Im Streitfall haben die Kläger den erforderlichen qualifizierten Nachweis nicht erbracht.

Die Kläger haben Berichte und Bescheinigungen der Legasthenie-Therapeutin … , der Diplom-Psychologin … sowie zweier Kinder- und Jugendpsychiater der Klinik für Kinder- und Jugendpsychiatrie … vorgelegt. Insoweit handelt es sich nicht um amtliche Unterlagen. Der Bericht der Klinik für Kinder- und Jugendpsychiatrie … vom 04.12.1998 erlangt auch nicht dadurch amtlichen Charakter, dass die Kläger vom Jugendamt des …-Kreises dorthin verwiesen wurden, um die Voraussetzungen des § 35 a KJHG feststellen zu lassen.

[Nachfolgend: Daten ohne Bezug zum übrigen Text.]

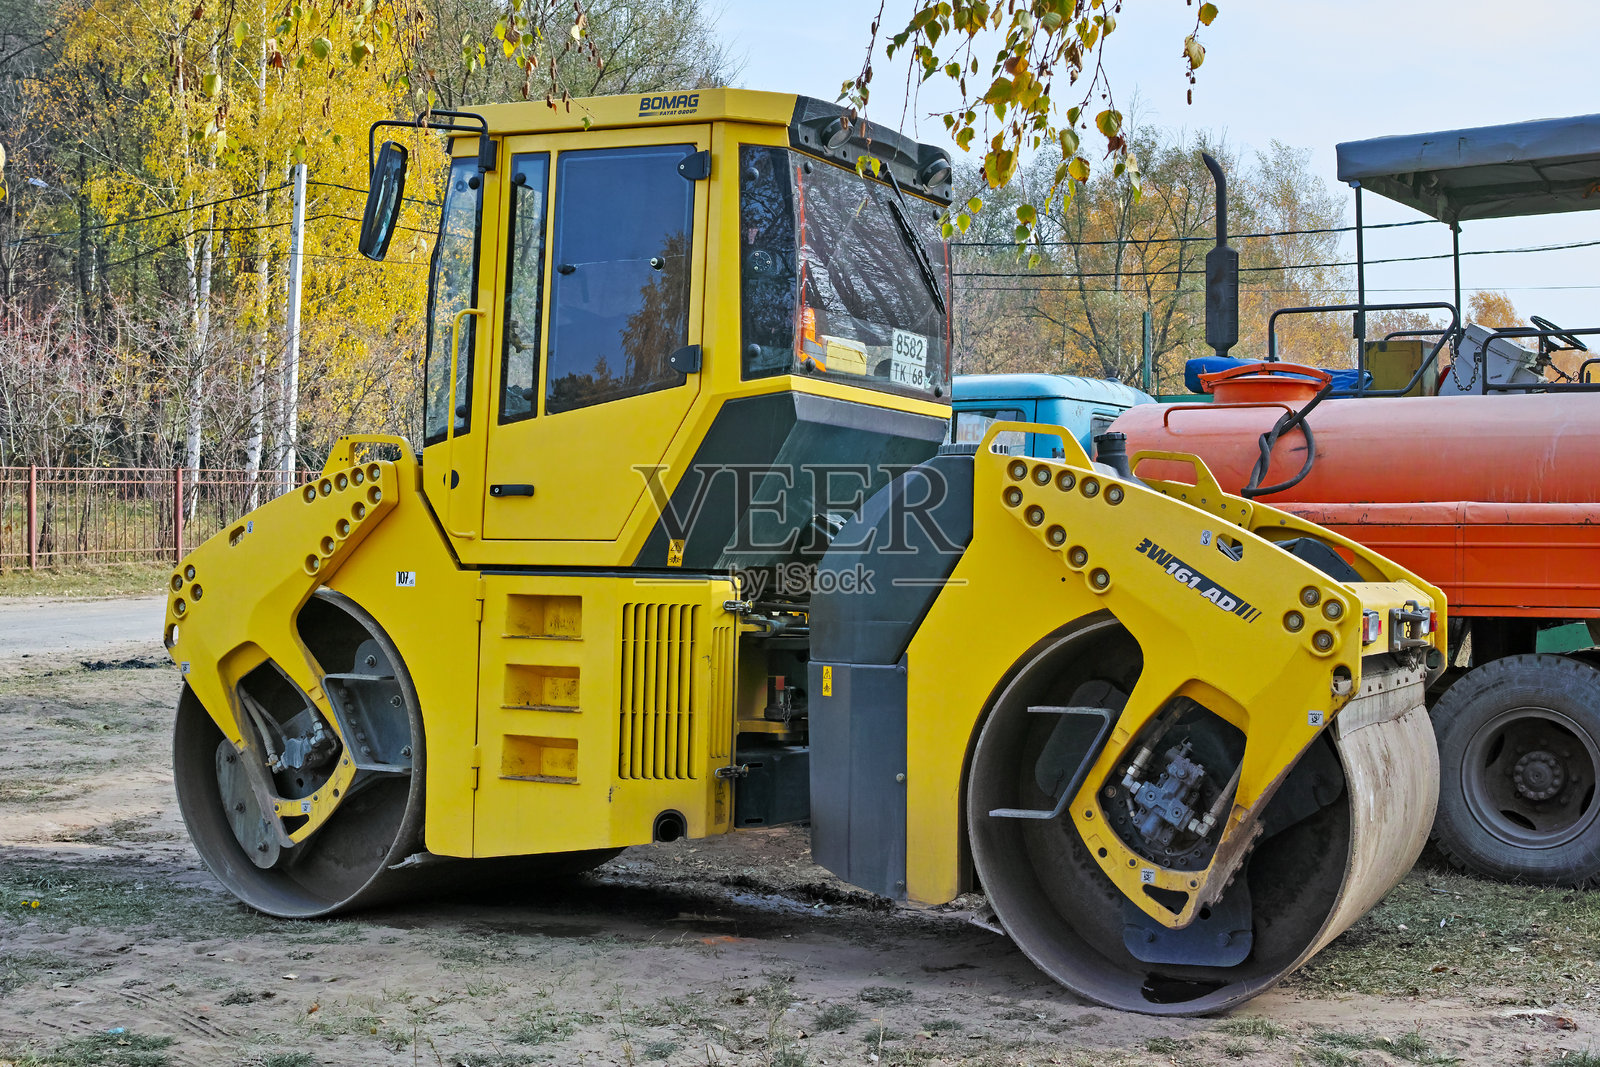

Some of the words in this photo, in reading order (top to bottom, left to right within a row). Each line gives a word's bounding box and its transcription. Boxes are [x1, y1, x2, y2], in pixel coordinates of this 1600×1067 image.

Auch das Jugendamt selbst hat keine Entscheidung über das Vorliegen einer seelischen Behinderung getroffen, weil die Kläger ihren Antrag nicht weiter verfolgt haben.

Nach alledem sind die Kosten der eigentlichen Legasthenietherapie steuerlich nicht zu berücksichtigen.

Gleiches gilt auch für die sonstigen Aufwendungen, die mit dem Besuch der X-Schule verbunden sind (Schulbeitrag, Unterkunft, Verpflegung und Betreuung).

Nach der Rechtsprechung des BFH sind Aufwendungen von Eltern für die Internatsunterbringung eines Kindes nur dann als außergewöhnliche Belastung zu berücksichtigen, wenn der Aufenthalt zur Heilung oder Linderung der Krankheit nachweislich unabdingbar notwendig ist und der Schulbesuch nur anlässlich dieser Heilbehandlung gleichsam nebenbei und nachrangig erfolgt. Der Nachweis ist grundsätzlich durch Vorlage eines amtsärztlichen Attests zu führen, wobei auch insoweit die dargelegten Ausnahmen gelten (vgl. Beschluss des BFH vom 16.08.2006 III B 20/06, BFH/NV 2006, 2075 m.w.N).

Im Streitfall scheitert die Abzugsfähigkeit schon daran, dass die Kläger den Nachweis der unabdingbaren Notwendigkeit der Internatsunterbringung nicht in der erforderlichen qualifizierten Form geführt haben.

Nur hilfsweise weist der Senat darauf hin, dass auch den vorgelegten - nicht amtlichen - Berichten und Bescheinigungen nicht zweifelsfrei entnommen werden kann, dass eine Internatsunterbringung unabdingbar notwendig war. So hat die Therapeutin … in ihrem Abschlussbericht vom 12.08.1998 ausgeführt, die Resultate verschiedener Test hätten zu dem Entschluss der Mutter und zu ihrer Empfehlung beigetragen, „den Jungen nach Möglichkeit ihrer fachlich versierten Schule und ihrem Internat anzuvertrauen“. Der Kinder- und Jugendpsychiater … hat in seinem Bericht vom 04.12.1998 dargelegt, er halte „die von der Mutter angestrebte Lösung einer Beschulung in einer entsprechenden Einrichtung …… für eine der weiteren Entwicklung durchaus zuträgliche Lösung“. Der Senat vermag daraus nicht zweifelsfrei zu entnehmen, dass die Internatsunterbringung zwingend notwendig und eine Behandlung in anderer Form ohne Erfolgsaussicht war.

Abschließend weist der Senat noch darauf hin, dass sich die geltend gemachten Aufwendungen ohnehin nur insoweit steuerlich ausgewirkt hätten, als diese der Höhe nach die nach § 33 Abs. 3 EStG zu berechnende zumutbare Belastung überschritten haben.

Nach alledem war die Klage mit der Kostenfolge aus § 135 Abs. 1 Finanzgerichtsordnung abzuweisen.